Torticolis persistant, très douloureux. Presque une semaine au lit. Dans ces cas-là, je songe avec admiration à ces hommes que la souffrance n’a pas vaincus : Montaigne et sa gravelle, Roosevelt, Pompidou, Mitterrand. Comment ont-ils pu ? La douleur m’ôte toute pensée cohérente. Vie suspendue, les heures passent indistinctes dans l’attente d’un mieux difficile à imaginer. Chaque seconde se dilate et fuit aussitôt, intensément vécue, mais inutile.

Cependant hier, ça allait mieux, le soleil brillait et nous sommes allés nager à Versoix. Le mois de septembre est souvent délicieux dans nos régions.

Hélas, à peine arrivés, un tamtam nous a cassé les oreilles. Il provenait du parc au-dessus de la plage. Je déteste tous les bruits répétitifs. Je me souviens de mon désespoir lorsque les tambours ont envahi le Pont des Arts, effaçant la beauté et le mystère des crépuscules sur Paris, blessant de leur brutale sottise la souplesse du fleuve.

Voilà qu’ils s’installaient ce matin-là dans l’univers préservé du lac, couvrant la chanson des vagues. Ma tête n’avait pas besoin de cela ! Nous avions vu sur le parking des groupes en costumes et robes voyantes, embijoutés. Difficile de déterminer leur origine. Europe, Philippines, Afrique, Amérique du Nord, Madagascar ? Notre région est une tour de Babel et nous avons l’habitude d’éviter ces questions.

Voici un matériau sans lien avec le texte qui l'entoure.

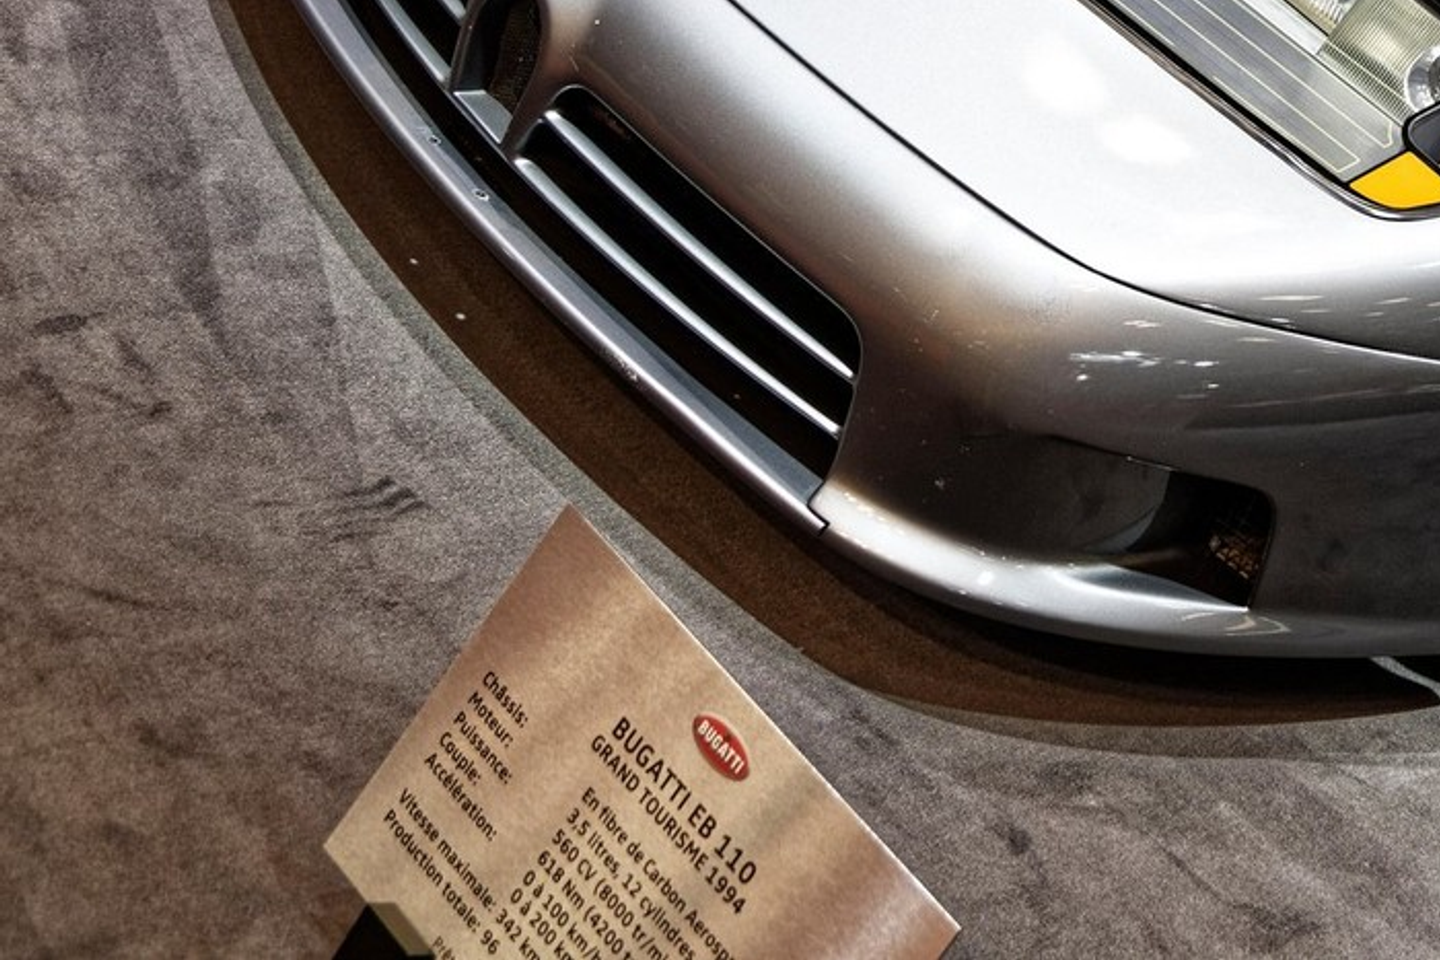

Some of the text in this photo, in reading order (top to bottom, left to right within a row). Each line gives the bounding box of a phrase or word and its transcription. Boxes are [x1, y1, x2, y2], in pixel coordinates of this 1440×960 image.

[466, 691, 514, 749] Moteur:
[481, 670, 529, 729] Châssis:
[439, 731, 482, 787] Couple:
[452, 710, 513, 785] Puissance:
[697, 719, 745, 775] BUGATTI
[423, 752, 497, 842] Accélération:
[590, 733, 747, 915] GRAND TOURISME 1994
[611, 715, 757, 885] BUGATTI EB 110
[382, 808, 501, 955] Production totale: 96
[399, 787, 440, 842] Vitesse
[436, 839, 497, 912] maximale:
[495, 907, 522, 943] 342
[522, 869, 537, 887] 0
[541, 893, 570, 928] 100
[551, 827, 580, 863] 560
[576, 858, 598, 882] CV
[592, 877, 635, 928] (8000
[565, 807, 592, 837] 3,5
[586, 830, 621, 880] litres,
[621, 872, 644, 899] 12
[581, 786, 735, 960] En fibre de Carbon Aerosp
[509, 887, 524, 905] 0
[528, 909, 558, 946] 200
[536, 849, 625, 956] 618 Nm (4200

Très vite, l’assemblée descendit la pelouse et à grand renfort de chants et de tambour atteignit la plage. Les femmes étaient couvertes d’une longue tunique blanche , les hommes d’une large chemise également blanche. Un grand et volumineux personnage entièrement revêtu du même blanc vociférait en moulinant des bras. Ses propos étaient ponctués par des applaudissements et de bruyantes approbations. Les femmes chantaient en se balançant. Lorsque plusieurs hommes entrèrent dans l’eau, je compris qu’il s‘agissait d’un baptême évangélique. Les bruits s’amplifiaient au grand dam des usagers de la plage qui observaient la scène avec un mélange de curiosité et d’agacement. L’un d’eux traversa la cérémonie son paddle sous le bras, sans plus de façons.

Pour ma part, je rouspétais intérieurement. Déjà que je n’aime pas ce genre d’embrigadement, mais je ne pouvais pas oublier que cette secte avait contribué à faire élire Trump et qu’elle avait été responsable de la pandémie à Mulhouse. Sur la plage, épaule contre épaule, on ne pouvait pas dire qu’ils respectaient les distances de sécurité !

Nous sommes allés vers l’autre jetée pour nous en écarter. À notre retour, les derniers participants, le pasteur et sa famille, s’engouffraient dans un gros fourgon de luxe. Sous l’effet de mon agacement, j’ai craint une reprise de mon torticolis. Heureusement, il n’en a rien été!…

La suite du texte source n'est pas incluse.